The Phoenix has admitted they have not published the Muhammad cartoons out of fear. Some New York Times reporters have admitted fear. A former CNN executive has admitted to fear. The Weekly Standard reproduced the 12 cartoons. Philadelphia Inquirer has printed the cartoons. The New York Sun has printed the cartoons. Some small local publications have reproduced the cartoons.
European journalist have been more courageous than American journalist. There is something very wrong with this picture! We are all afraid. We are afraid because we know these threats are real, very real. We know this enemy is very real and determined to destroy us. From the History News Network,

Last night Donald Rumsfeld went on Charlie Rose show and told him in as straight forward a manner as he could that Al Qaeda, with its highly coordinated and sophisticated media apparatus, has been successful in getting MSM to help them fight their war against the West. As the current war on Islamism is asymmetric, Rumsfeld further argued, it cannot be won on the ground by soldiers, but must be won in the hearts and minds of the soldiers' homeland. Hence, unless the US government and its allies find an effective way to counter Al Qaeda's successful use MSM, the West will lose the war with Islamism.
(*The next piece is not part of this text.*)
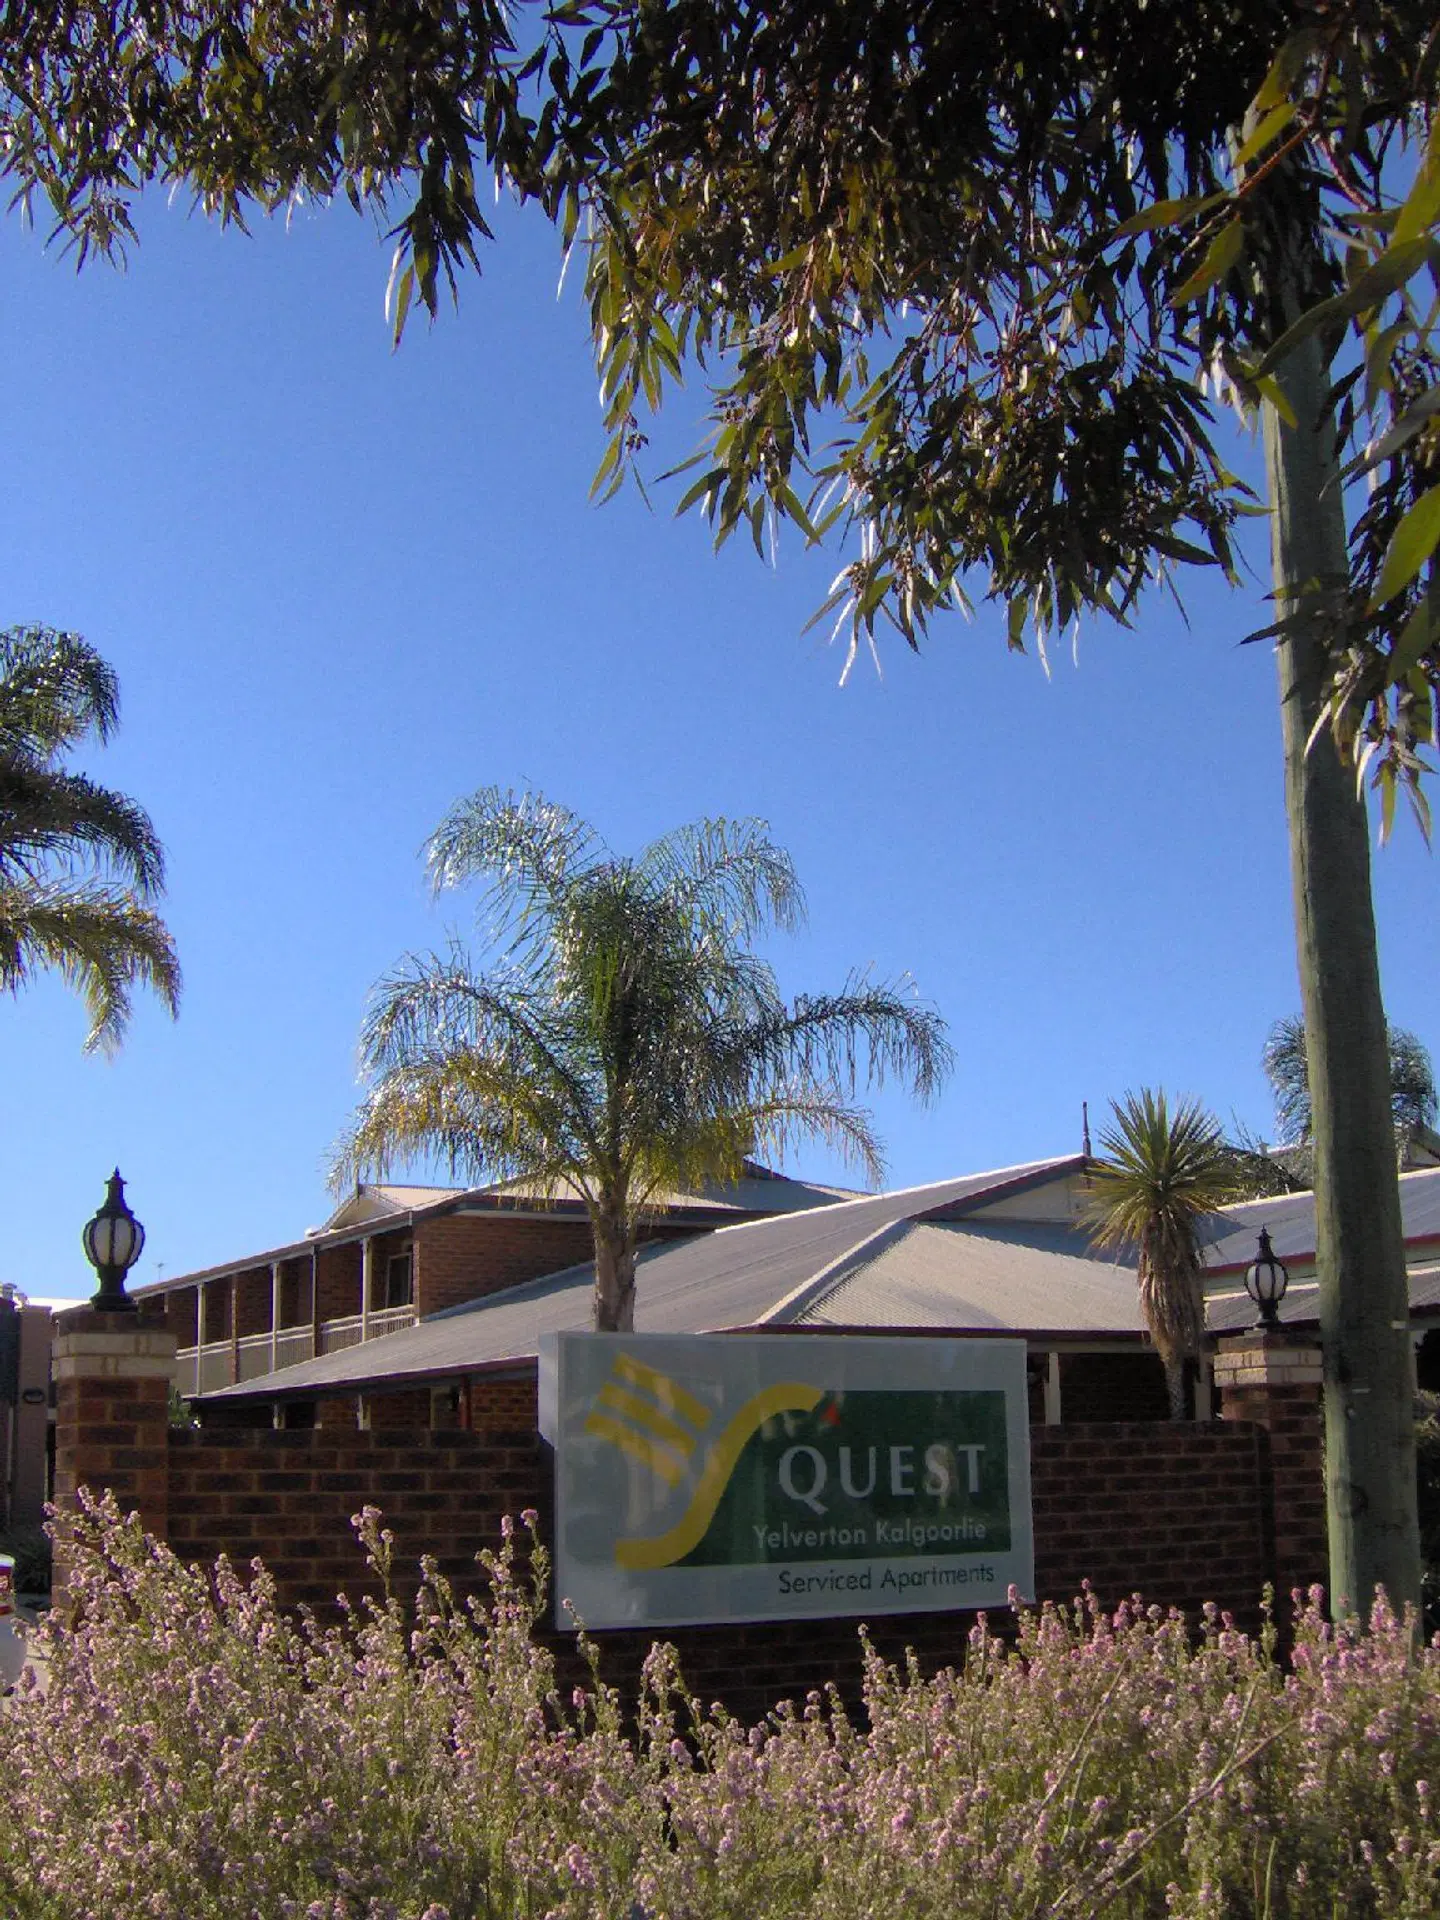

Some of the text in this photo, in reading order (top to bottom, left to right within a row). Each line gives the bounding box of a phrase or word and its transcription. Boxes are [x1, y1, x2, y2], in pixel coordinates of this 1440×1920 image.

The problem is, appeasement will not work. As the Jacoby article so clearly states, appeasement only emboldens our enemy and discourages those who would stand with us. Is this so difficult to comprehend? I believe that if we stand up to this enemy they will crumble very quickly. Yet, we continue with this insane attempt to pretend they aren't there, that the world is not on fire and that they have not declared war on us. All we are doing is prolonging the agony and giving the enemy more time to plan and gather strength. Many of the MSM have submitted. What's the alternative? It's us. I have heard this is the cartoon they really, really hate. :)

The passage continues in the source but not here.